Quelle: Jürgen Zimmer

Großburgwedel. Bei einem Glas alkoholfreiem Sekt in der Volksbank bot Kunstvereinsvorsitzender Stefan Rautenkranz den etwa 30 Besuchern einen kostenlosen Wechsel der Perspektive an. Mittels Kunst, versteht sich, denn die könne das durchaus leisten, sagte er. „Vier Berliner Perspektiven“ ist die Ausstellung überschrieben, wobei die Werke der vier Künstler eine jeweils eigene Identität und keinen speziellen Blickwinkel aus einer wie auch immer gearteten Berliner Perspektive sind, außer dem Umstand vielleicht, dass die vier Aussteller ihren Lebensmittelpunkt in der Hauptstadt haben oder hatten.

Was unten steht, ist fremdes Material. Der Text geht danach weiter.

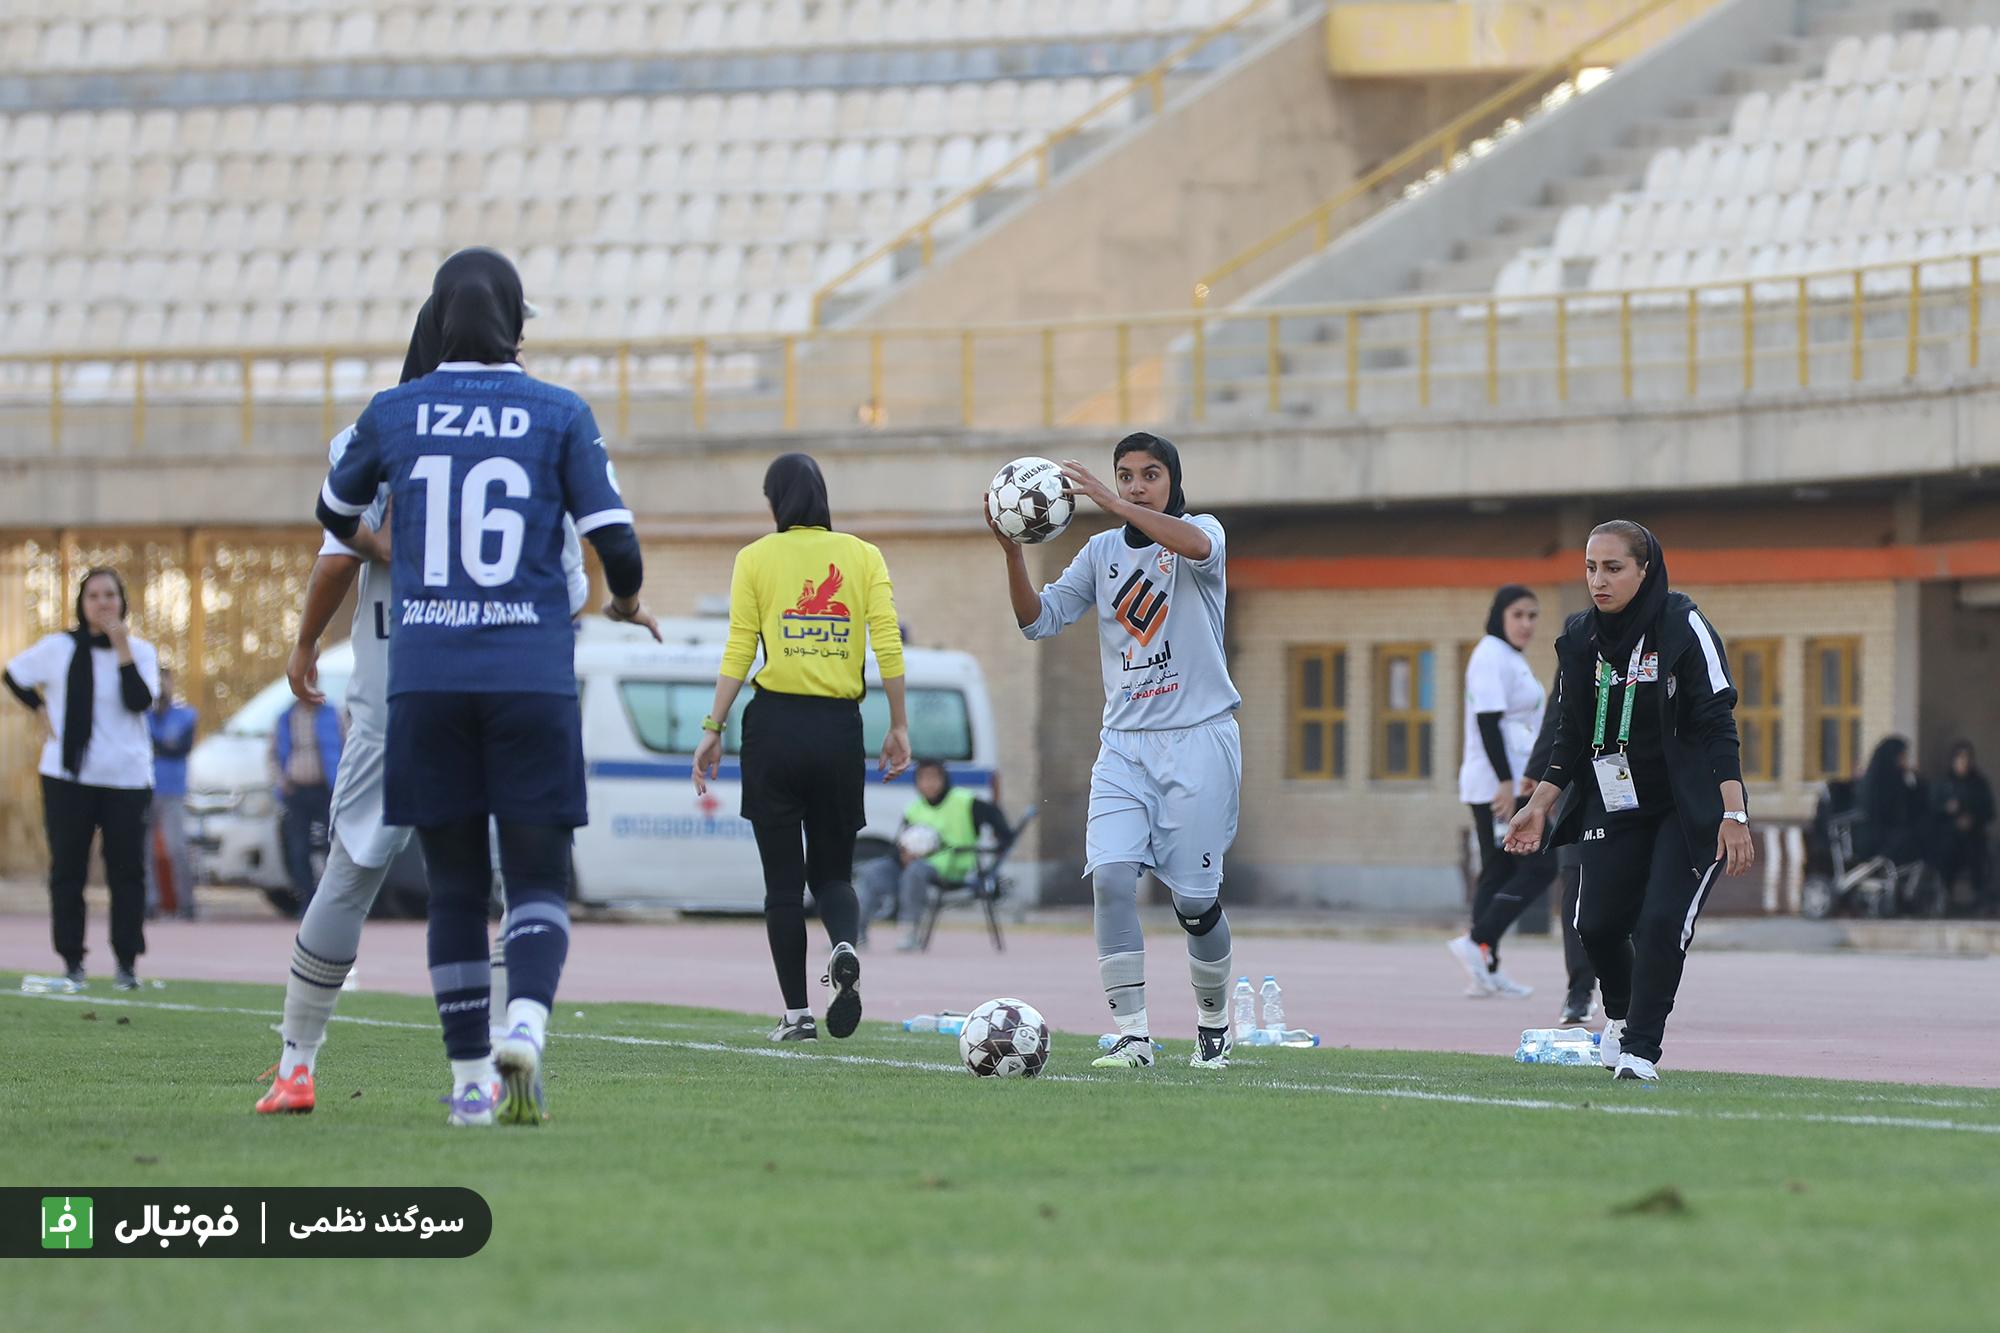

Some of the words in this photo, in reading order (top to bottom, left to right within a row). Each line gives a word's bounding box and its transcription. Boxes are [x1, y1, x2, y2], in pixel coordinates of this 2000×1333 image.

Das bemühte Suchen von Gemeinsamkeiten in den Werken verhindert eher das Finden der Einzelperspektive, um die es ja geht. Die Verwendung von natürlichen Materialien, versetzt mit allerlei Fundstücken oder auch von Blättern des Ginkgobaumes in „Mythos Ginkgo“ bei Siegrid Müller-Holtz schaffen abstrakte „Sehstücke“, wie sie sie selbst bezeichnet. Jutta Barth hingegen bevorzugt den Einsatz von fragmentierten Naturmaterialien, zum Beispiel Blattskeletten, die von ihr in eine handgeschöpfte Papiermasse eingelassen werden – ein sehr komplexer und im wahrsten Sinne „schöpferischer“ Vorgang. Jürgen Kelling zeigt Arbeiten zum Thema „Mikro-Makro“, wie im Kleinen so im Großen, wo es um das Spiel von Chaos und Ordnung, von Rhythmus und Struktur geht. Die gewollte Reduktion auf einfache Mittel wie Pinsel oder Feder, Öl oder Tusche zeichnet seine Bilder aus. Die Kunstwerke von Annette Polzer haben meist das Licht, Wahrnehmungen von Sein und Schein und die Auflösung des eben Gesehenen durch (selbst) gesetzte Grenzen zum Thema. In ihren ausgestellten Fotografien werden reale Lichtsituationen abstrahiert. Dabei entstehen faszinierende Bilder aus ihrer Sichtweise.

Die Ausstellungen in der Volksbank und im Rathaus sind noch bis 15. Dezember zu den normalen Öffnungszeiten zu besichtigen.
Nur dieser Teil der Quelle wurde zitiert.